Cyclic Tetra-Adenylate (cA(4)) Recognition by Csa3; Implications for an Integrated Class 1 CRISPR-Cas Immune Response in Saccharolobus solfataricus

Csa3 family transcription factors are ancillary CRISPR-associated proteins composed of N-terminal CARF domains and C-terminal winged helix-turn-helix domains. The activity of Csa3 transcription factors is thought to be controlled by cyclic oligoadenyate (cOA) second messengers produced by type III CRISPR-Cas surveillance complexes. Here we show that Saccharolobus solfataricus Csa3a recognizes cyclic tetra-adenylate (cA(4)) and that Csa3a lacks self-regulating “ring nuclease” activity present in some other CARF domain proteins. The crystal structure of the Csa3a/cA4 complex was also determined and the structural and thermodynamic basis for cA(4) recognition are described, as are conformational changes in Csa3a associated with cA(4) binding.
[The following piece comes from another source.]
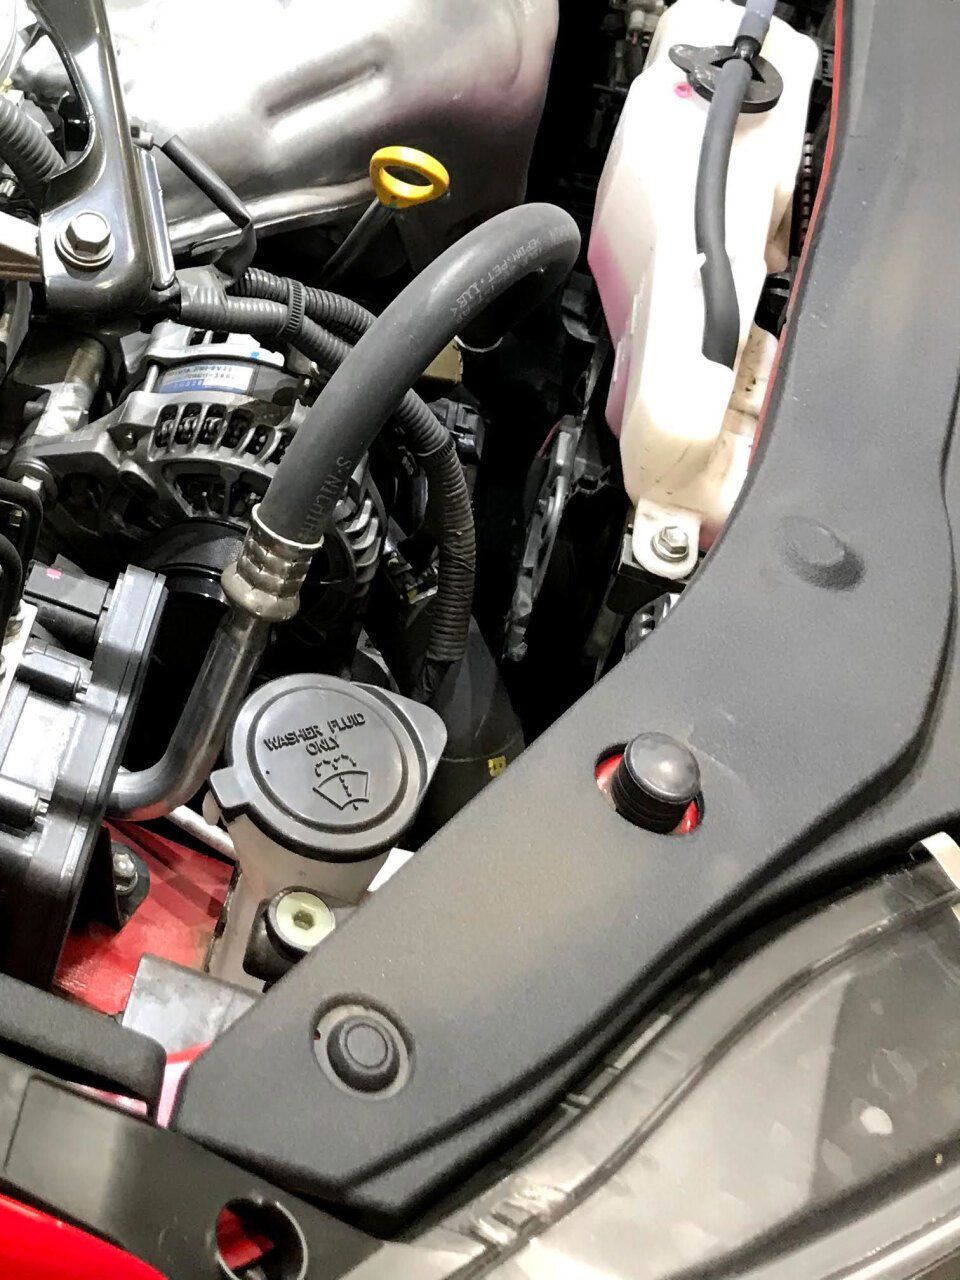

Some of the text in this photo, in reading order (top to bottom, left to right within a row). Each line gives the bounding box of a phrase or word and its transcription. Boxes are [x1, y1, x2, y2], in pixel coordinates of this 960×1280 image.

We also characterized the effect of cA(4) on recognition of putative DNA binding sites. Csa3a binds to putative promoter sequences in a nonspecific, cooperative and cA(4)-independent manner, suggesting a more complex mode of transcriptional regulation. We conclude the Csa3a/cA(4) interaction represents a nexus between the type I and type III CRISPR-Cas systems present in S. solfataricus, and discuss the role of the Csa3/cA(4) interaction in coordinating different arms of this integrated class 1 immune system to mount a synergistic, highly orchestrated immune response.